Shareholder Action by Written Consent without a Meeting. Any action which may be taken at any annual or special meeting of shareholders may be taken without a meeting and without prior notice, if a consent in writing, setting forth the action so taken, shall be signed by the holders of outstanding shares having not less than the minimum number of votes that would be necessary to authorize or take such action at a meeting at which all shares entitled to vote thereon were present and voted. Directors may not be elected by written consent except by unanimous written consent of all shares entitled to vote for the election of directors. However, a director may be elected at any time to fill any vacancy on the Board of Directors, provided that it was not created by removal of a director and that it has not been filled by the directors, by the written consent of the holders of a majority of the outstanding shares entitled to vote for the election of directors. All such consents shall be maintained in the corporate records. Any shareholder giving a written consent, or the shareholder's proxy holders, or a transferee of the shares, or a personal representative of the shareholder, or their respective proxy holders, may revoke the consent by a writing received by the Secretary of the corporation before written consents of the number of shares required to authorize the proposed action have been filed with the Secretary. If the consents of all shareholders entitled to vote have not been solicited in writing, the Secretary shall give prompt notice of any corporate action approved by the shareholders without a meeting by less than unanimous written consent to those shareholders entitled to vote who have not consented in writing. Such notice shall be given in the manner specified in Section 2.5 of these By-Laws.
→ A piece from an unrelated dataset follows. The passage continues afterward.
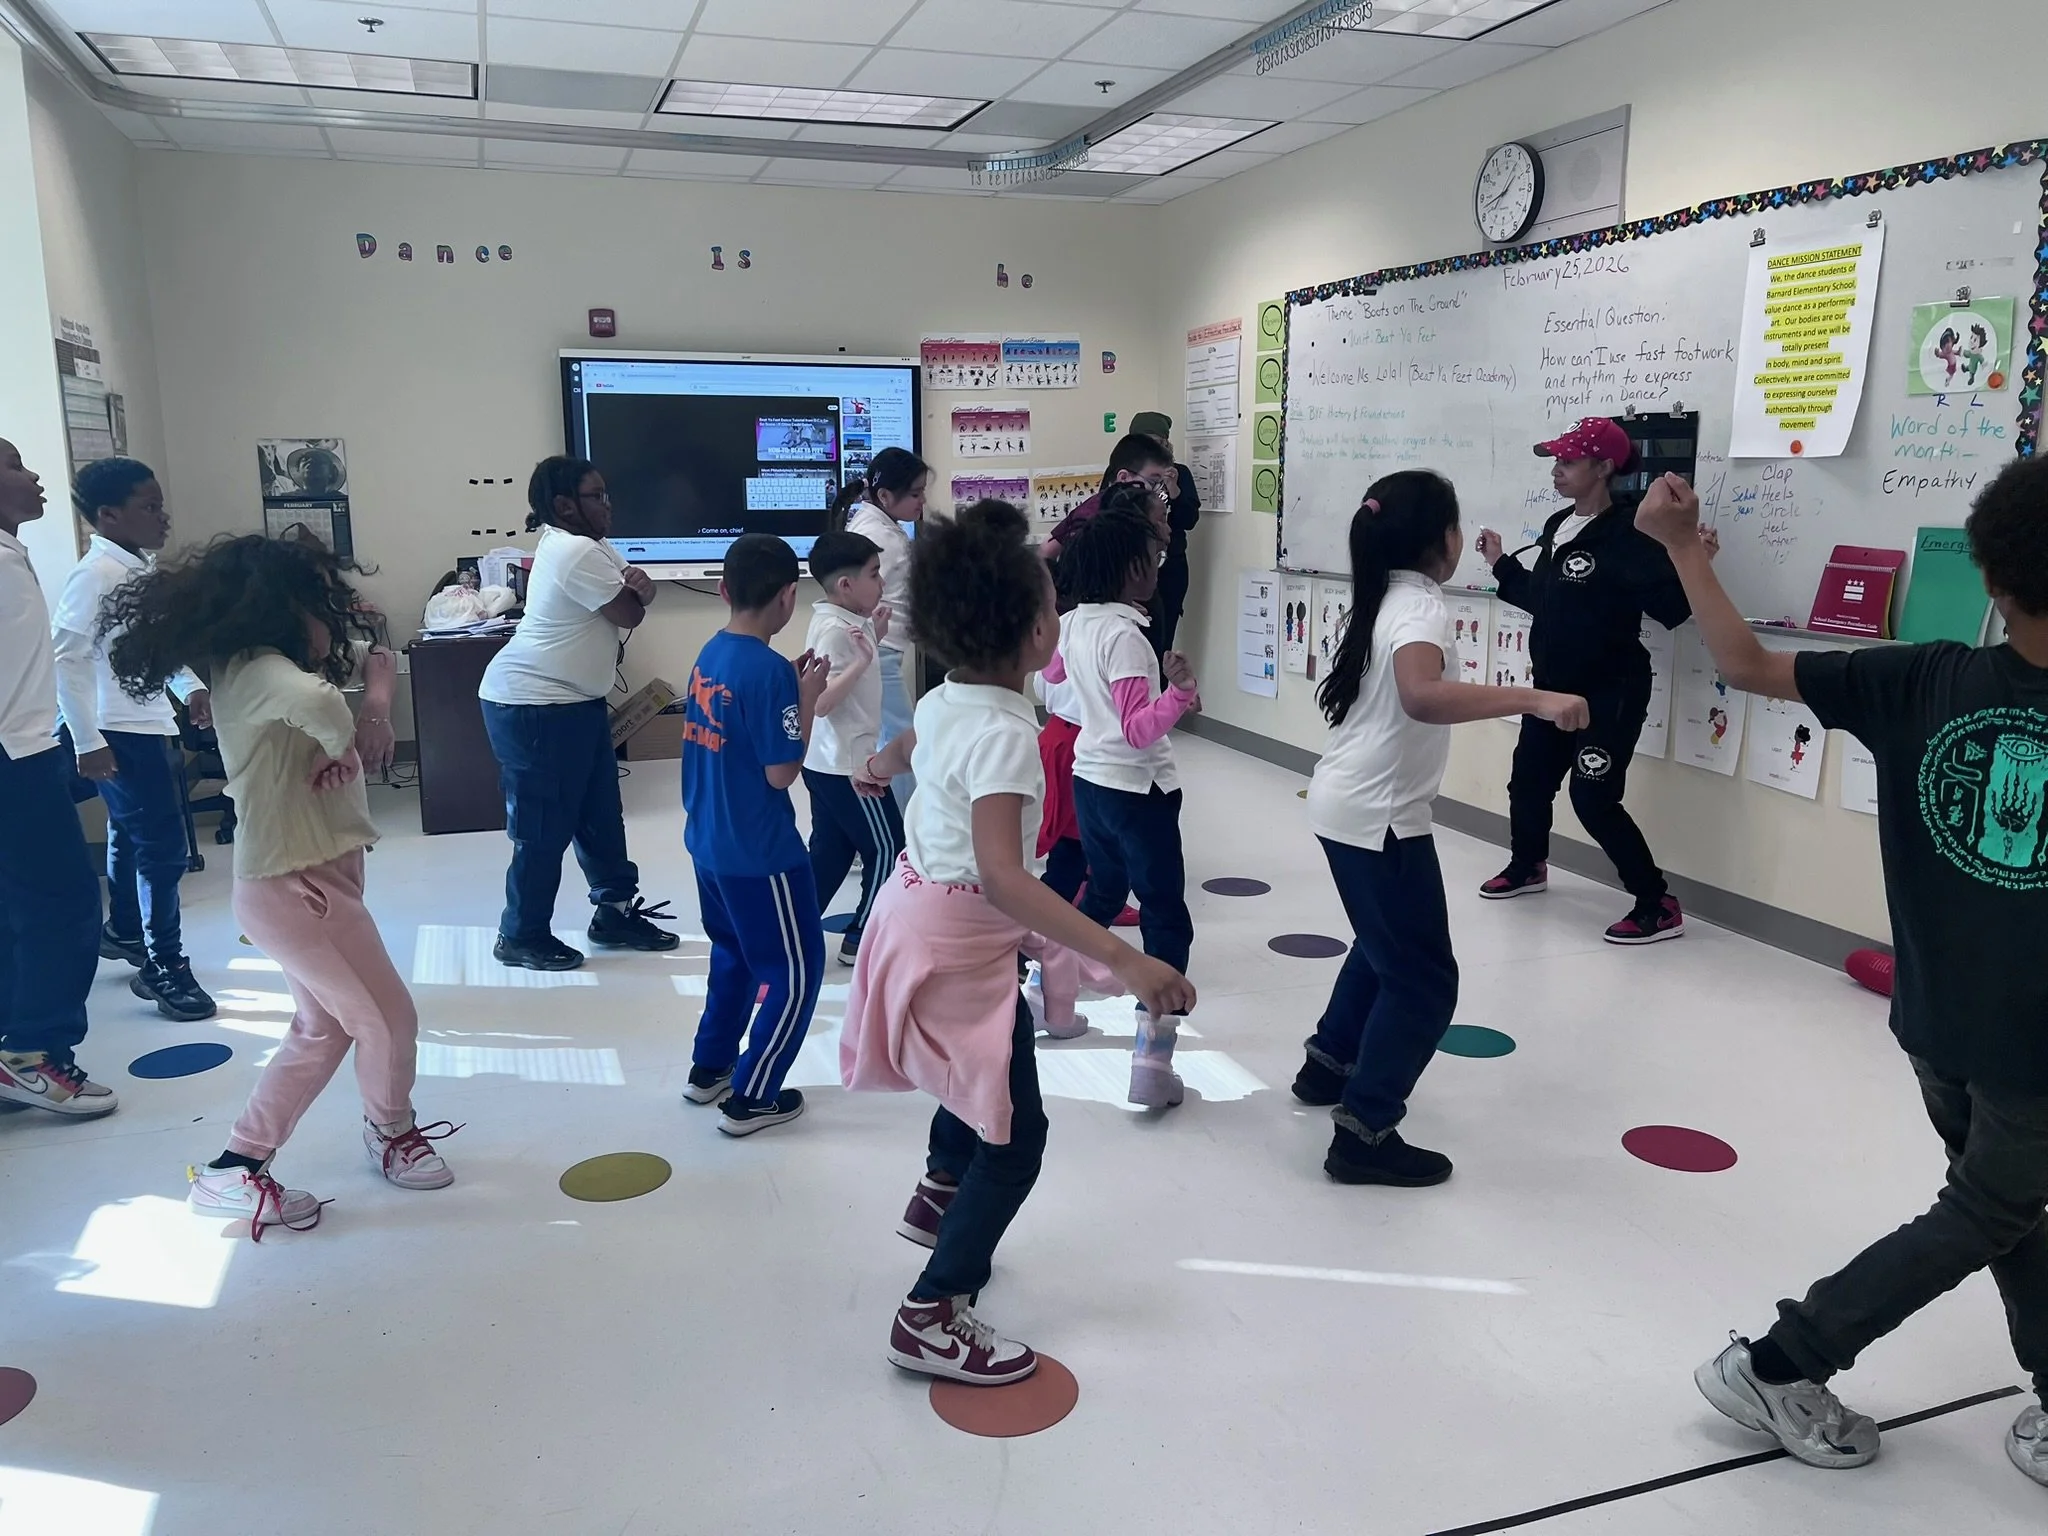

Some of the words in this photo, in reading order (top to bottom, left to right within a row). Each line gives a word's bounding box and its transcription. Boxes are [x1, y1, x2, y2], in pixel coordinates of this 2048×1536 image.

In the case of approval of (i) a contract or transaction in which a director has a direct or indirect financial interest, (ii) indemnification of a corporate agent, (iii) a reorganization of the corporation, and (iv) a distribution in dissolution other than in accordance with the rights of outstanding preferred shares, the notice shall be given at least 30 days before the consummation of any action authorized by that approval, unless the consents of all shareholders entitled to vote have been solicited in writing.

Appears in 2 contracts

Samples: By Laws (Eagle Aero Holdings CORP), By Laws (Eagle Aero Holdings CORP)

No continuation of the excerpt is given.